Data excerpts
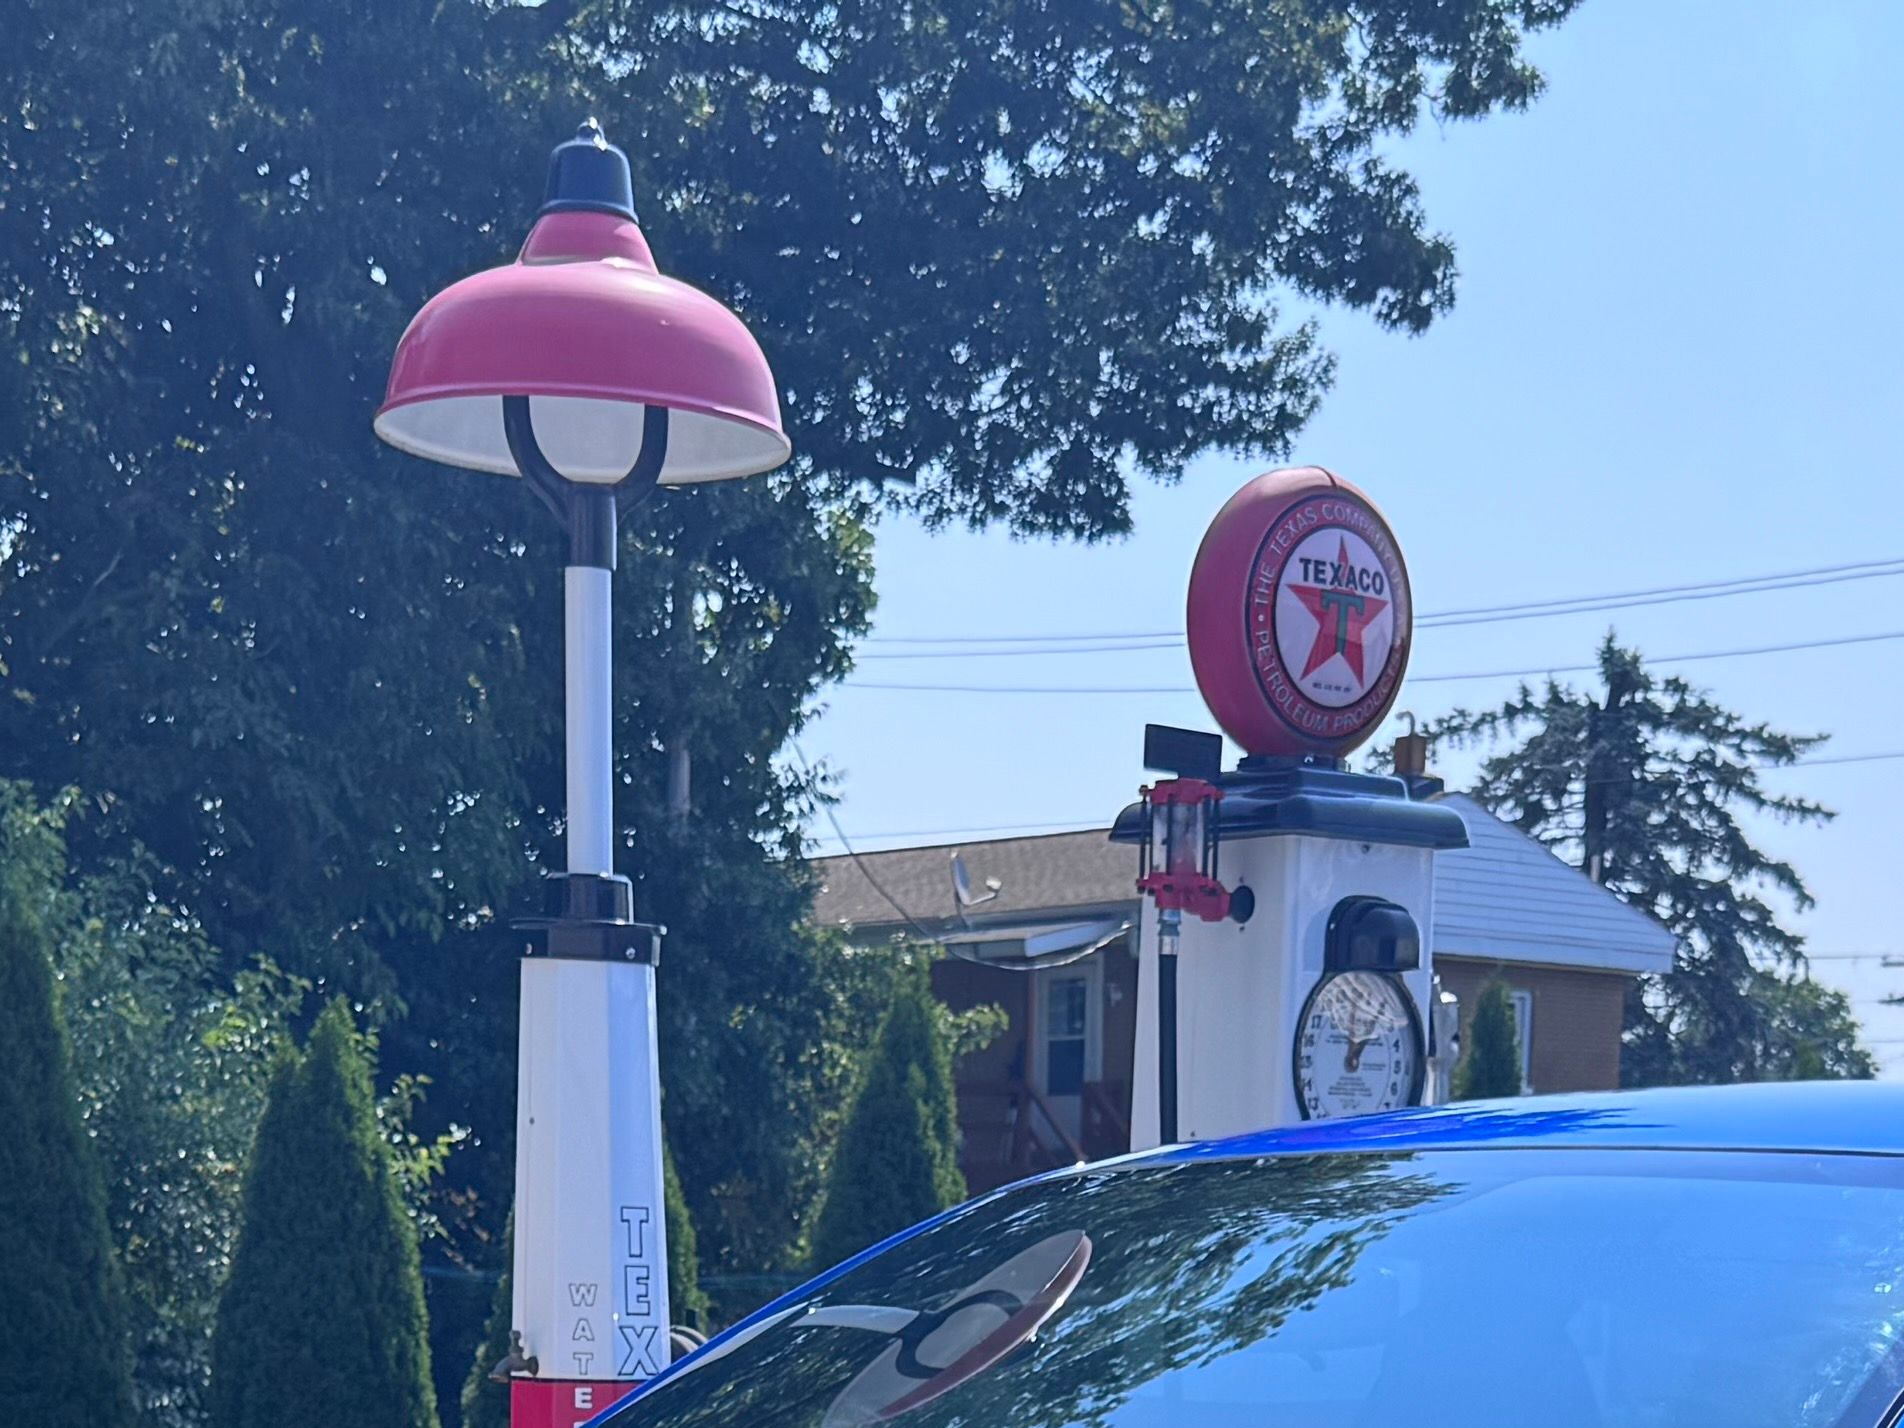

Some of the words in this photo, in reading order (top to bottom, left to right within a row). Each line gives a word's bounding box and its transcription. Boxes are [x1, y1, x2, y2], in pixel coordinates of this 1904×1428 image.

[1255, 561, 1275, 605] THE
[1269, 506, 1318, 556] TEXAS
[1299, 557, 1384, 596] TEXACO
[1256, 630, 1329, 733] PETROLEUM
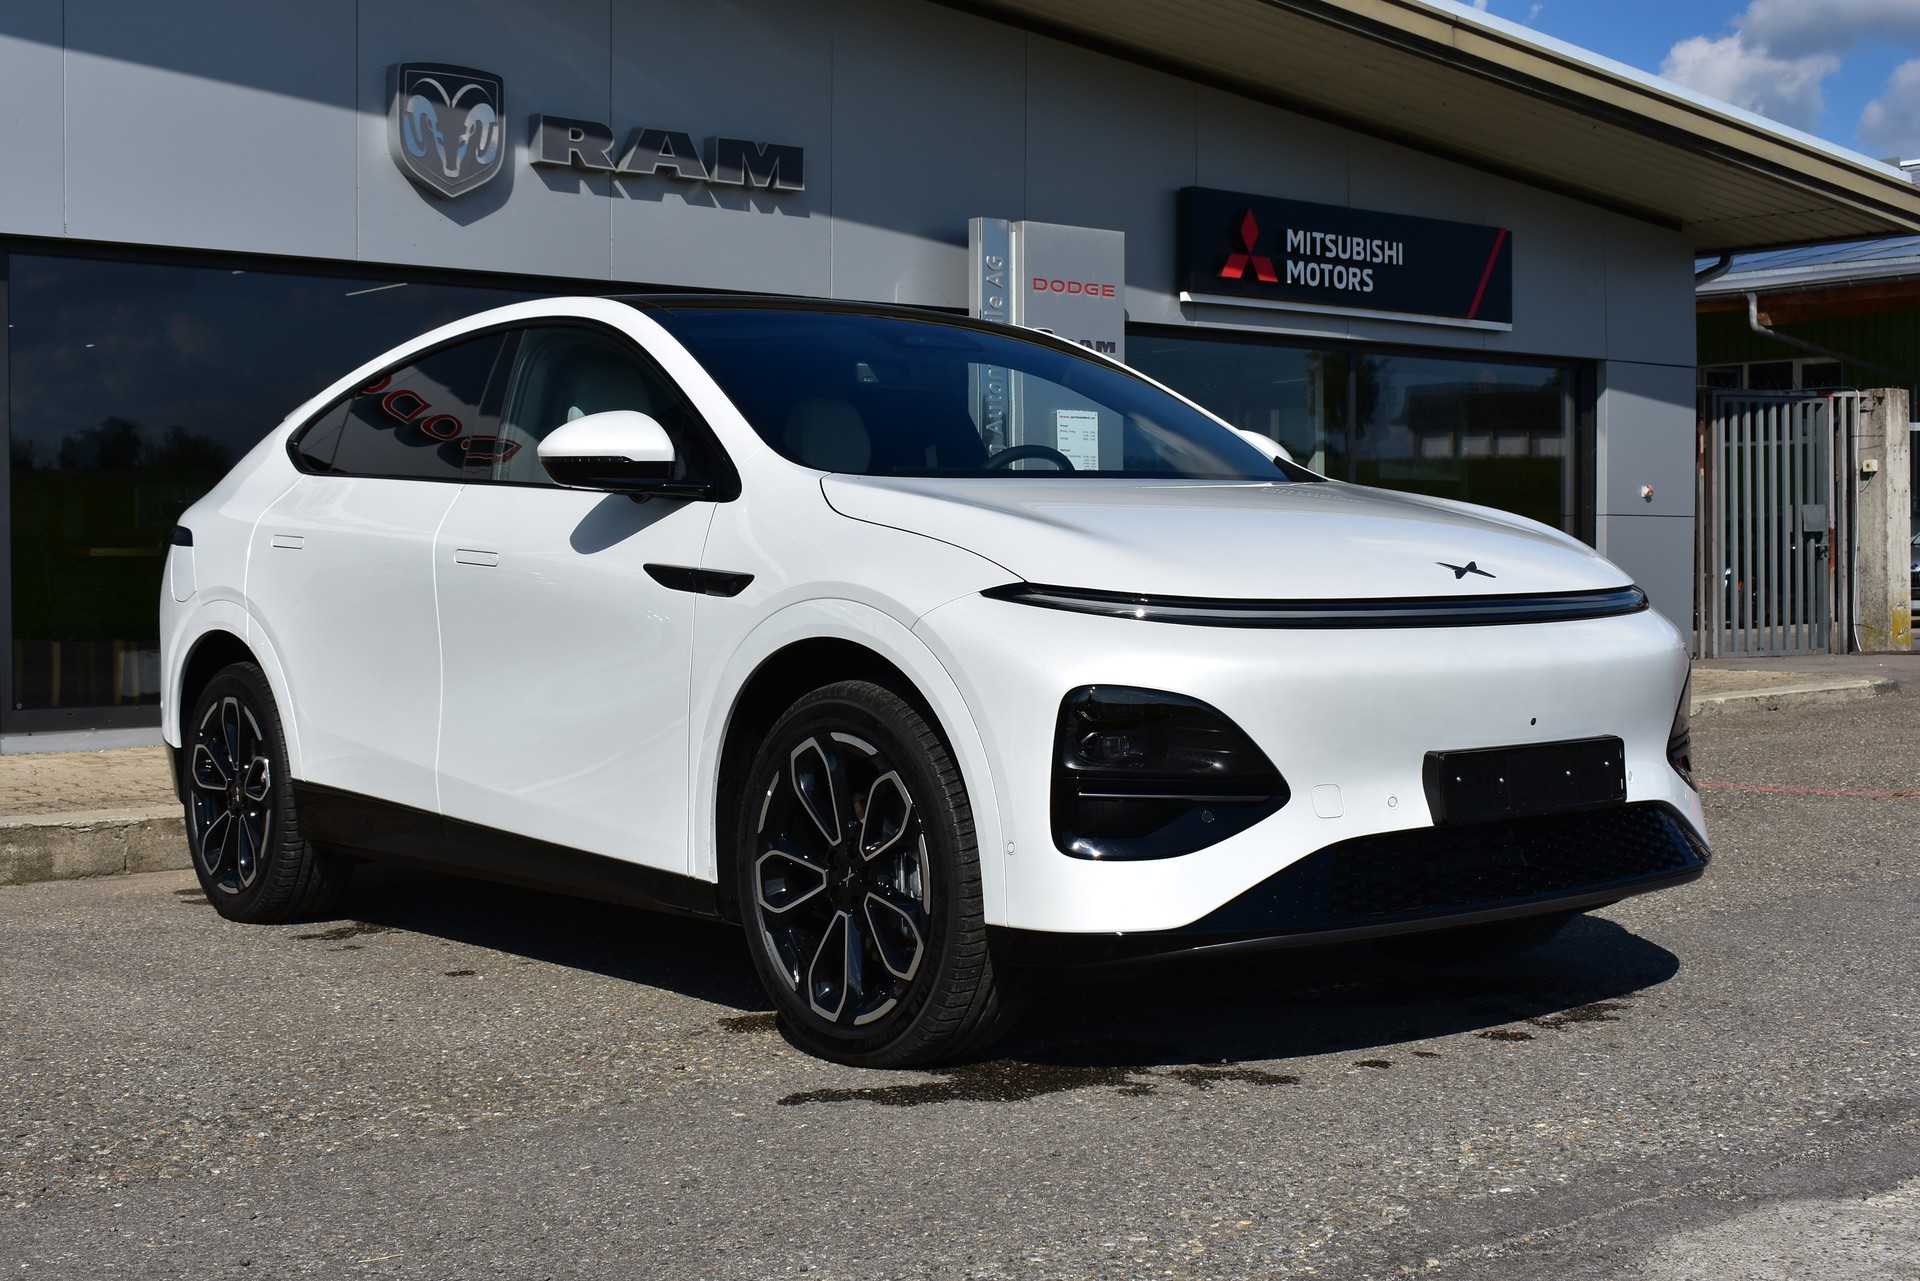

What you need to do: Please print the records above word for word, leaving every image out.

Reply:
Some of the words in this photo, in reading order (top to bottom, left to right within a row). Each line gives a word's bounding box and its transcription. Boxes are [x1, y1, x2, y2], in pixel coordinates of this 1904×1428 image.

[1255, 561, 1275, 605] THE
[1269, 506, 1318, 556] TEXAS
[1299, 557, 1384, 596] TEXACO
[1256, 630, 1329, 733] PETROLEUM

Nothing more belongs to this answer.